EXERCISE: Leave the pictures out and transcribe every record exactly.

(Entries taken from a collection)
# # # #
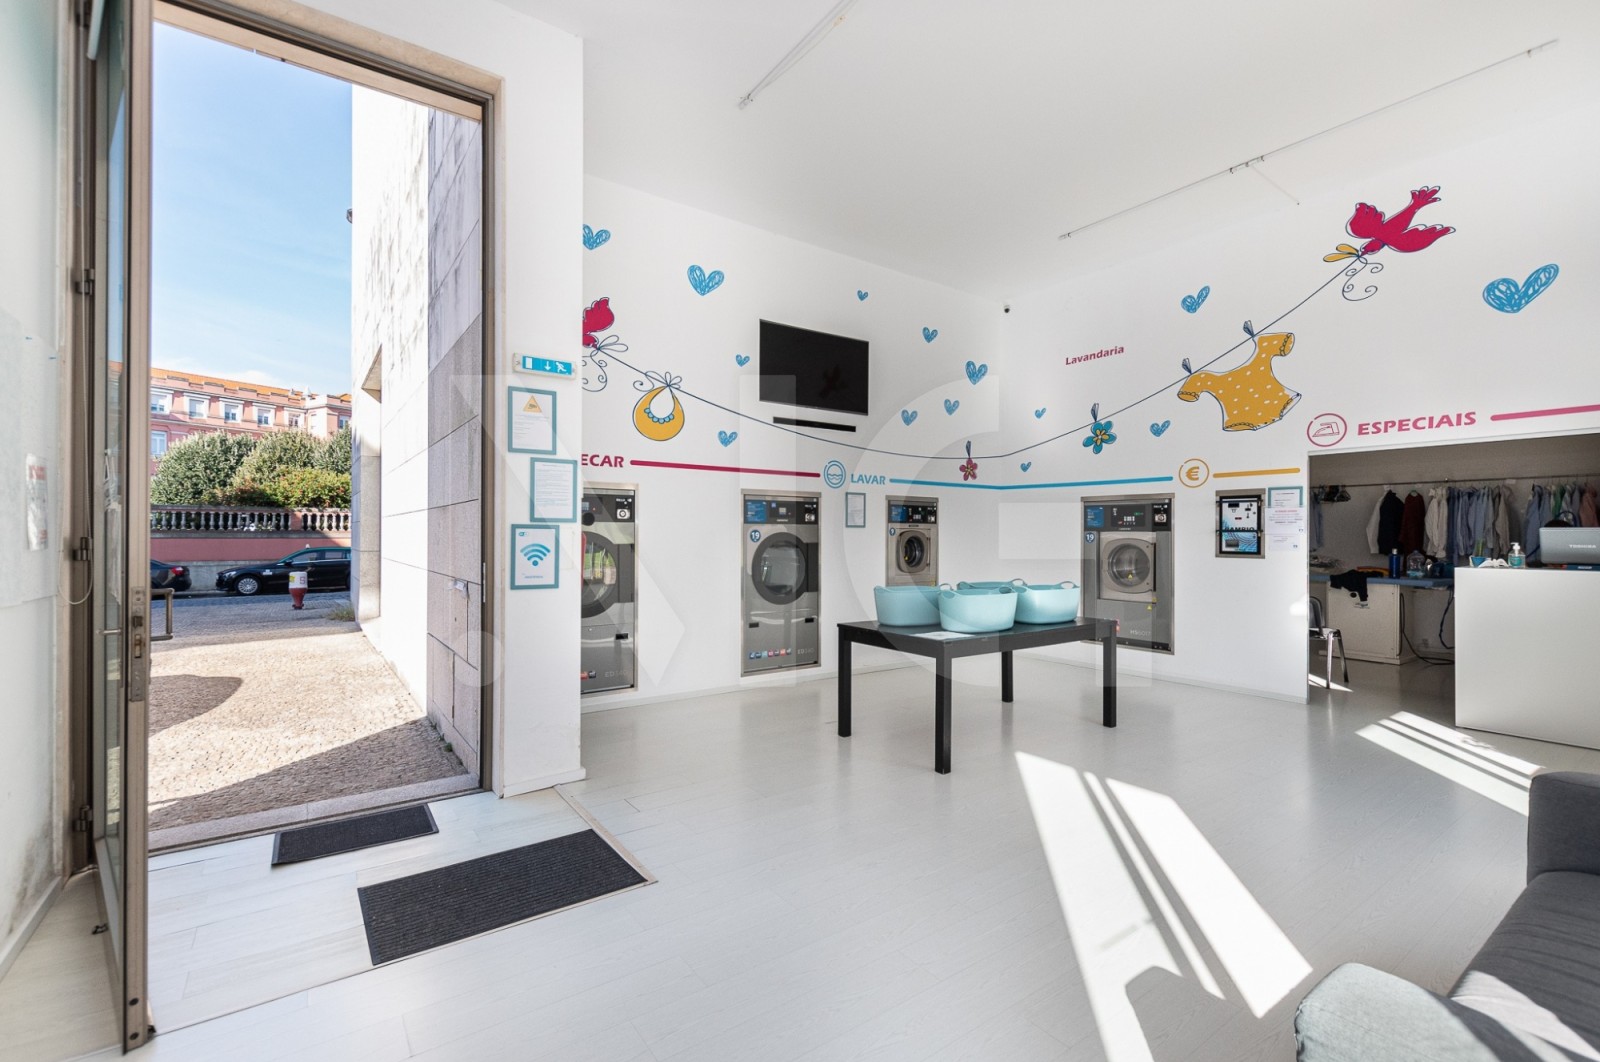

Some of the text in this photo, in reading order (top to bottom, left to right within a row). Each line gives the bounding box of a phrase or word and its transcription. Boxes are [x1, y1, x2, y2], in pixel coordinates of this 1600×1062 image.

[1065, 345, 1125, 366] Lavandaria
[1357, 411, 1477, 436] ESPECIAIS
[850, 473, 886, 485] LAVAR
[751, 531, 760, 540] 19
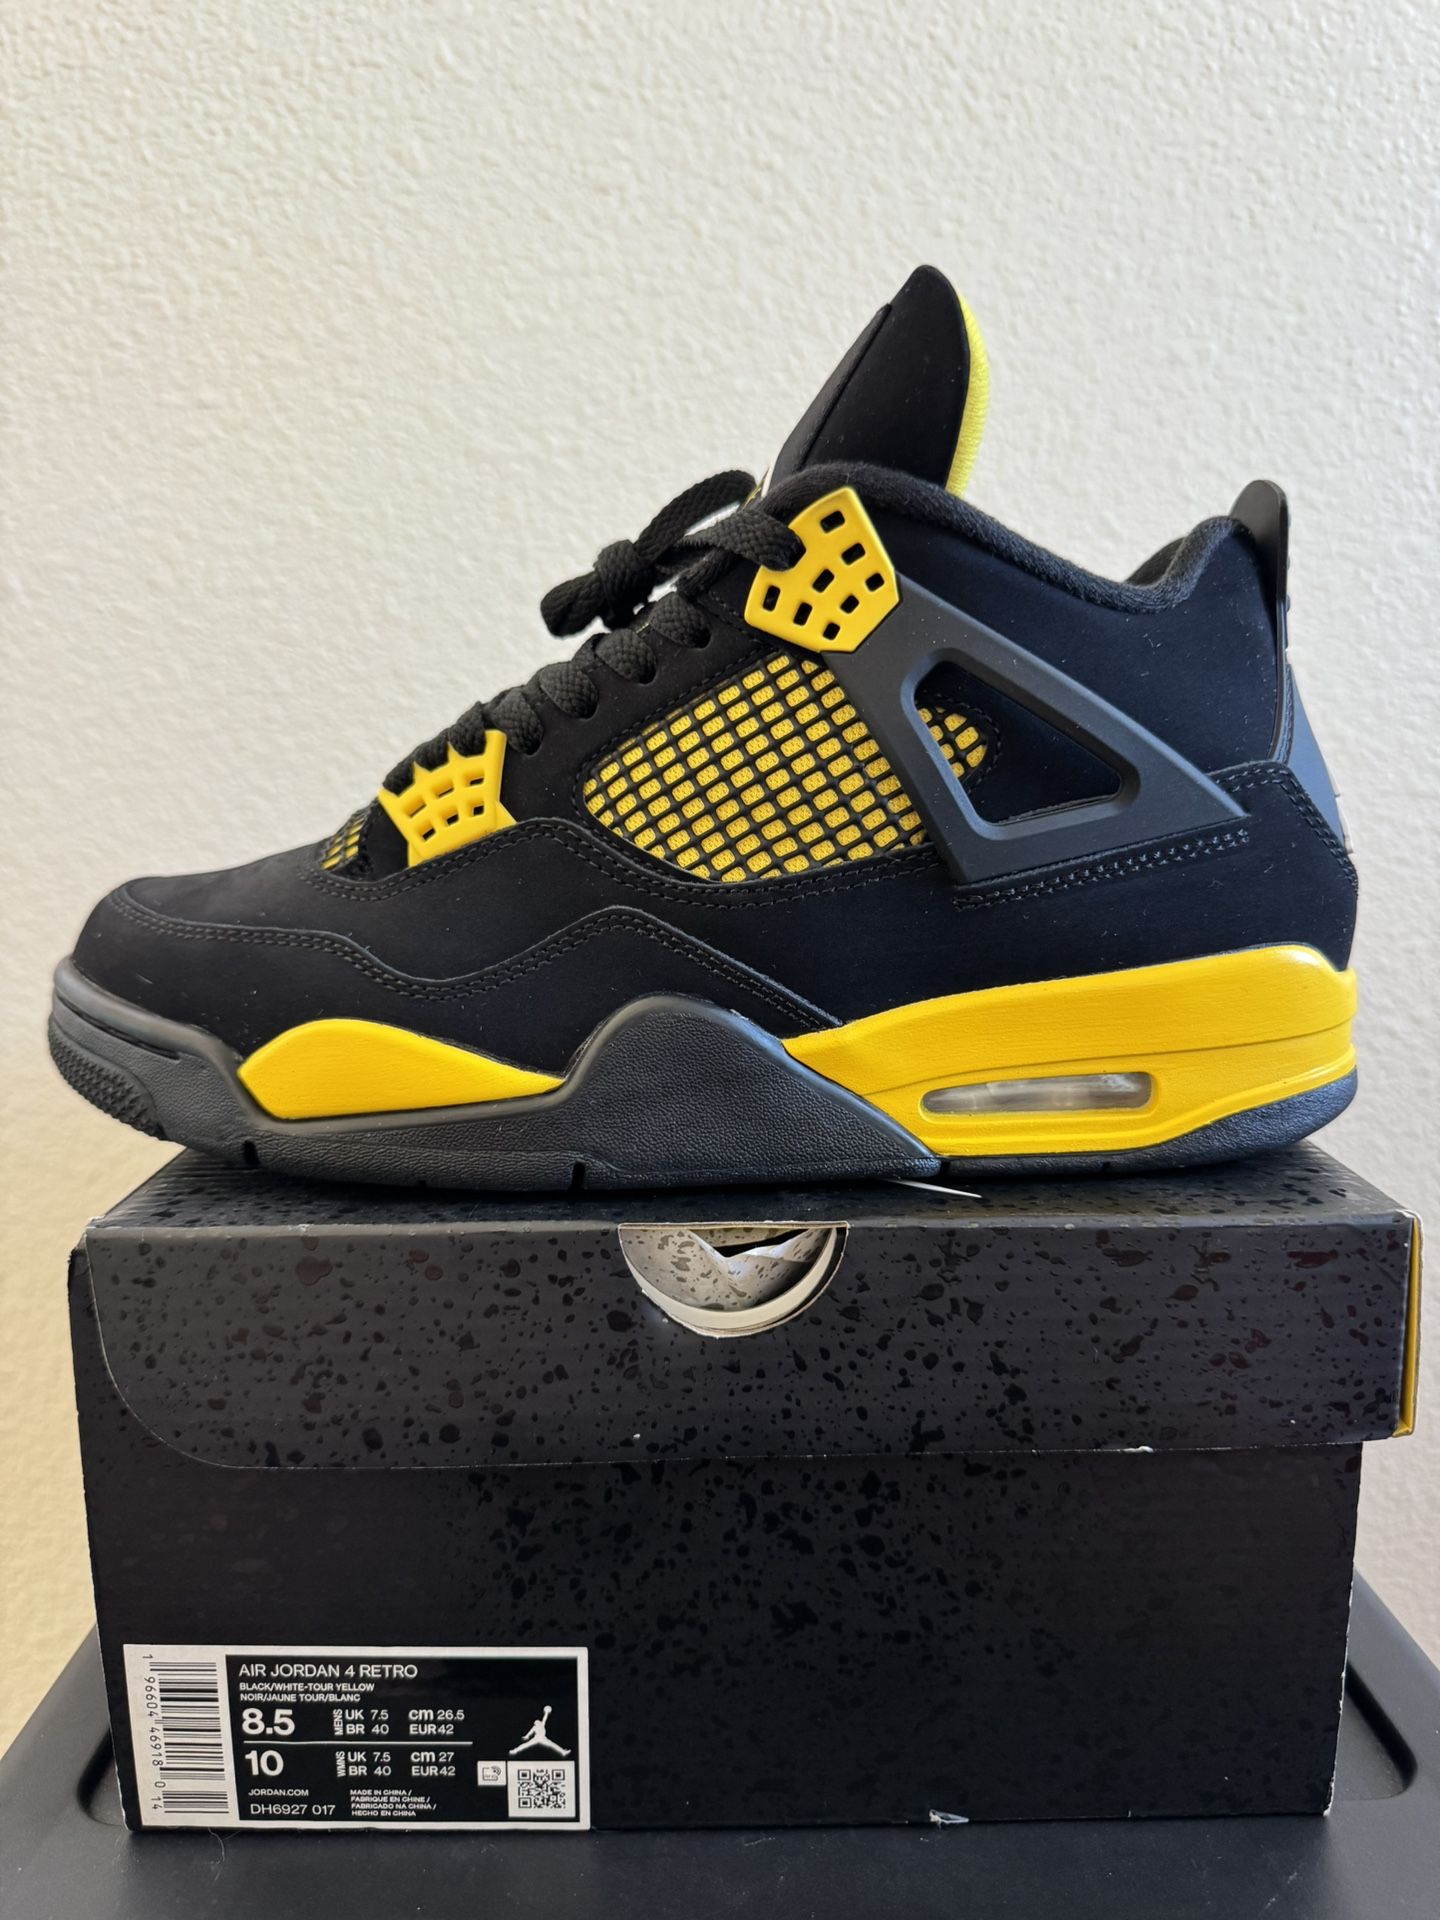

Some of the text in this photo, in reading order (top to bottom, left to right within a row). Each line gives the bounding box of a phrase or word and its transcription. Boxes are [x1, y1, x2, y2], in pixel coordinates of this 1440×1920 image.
# # # #
ANSWER SPACE:
Some of the text in this photo, in reading order (top to bottom, left to right within a row). Each line gives the bounding box of a phrase or word and its transcription. Boxes are [x1, y1, x2, y2], in pixel coordinates of this 1600×1062 image.

[1065, 345, 1125, 366] Lavandaria
[1357, 411, 1477, 436] ESPECIAIS
[850, 473, 886, 485] LAVAR
[751, 531, 760, 540] 19

Some of the text in this photo, in reading order (top to bottom, left to right within a row). Each line gives the bounding box of a phrase or word and its transcription. Boxes are [x1, y1, x2, y2], in pixel coordinates of this 1440×1920 image.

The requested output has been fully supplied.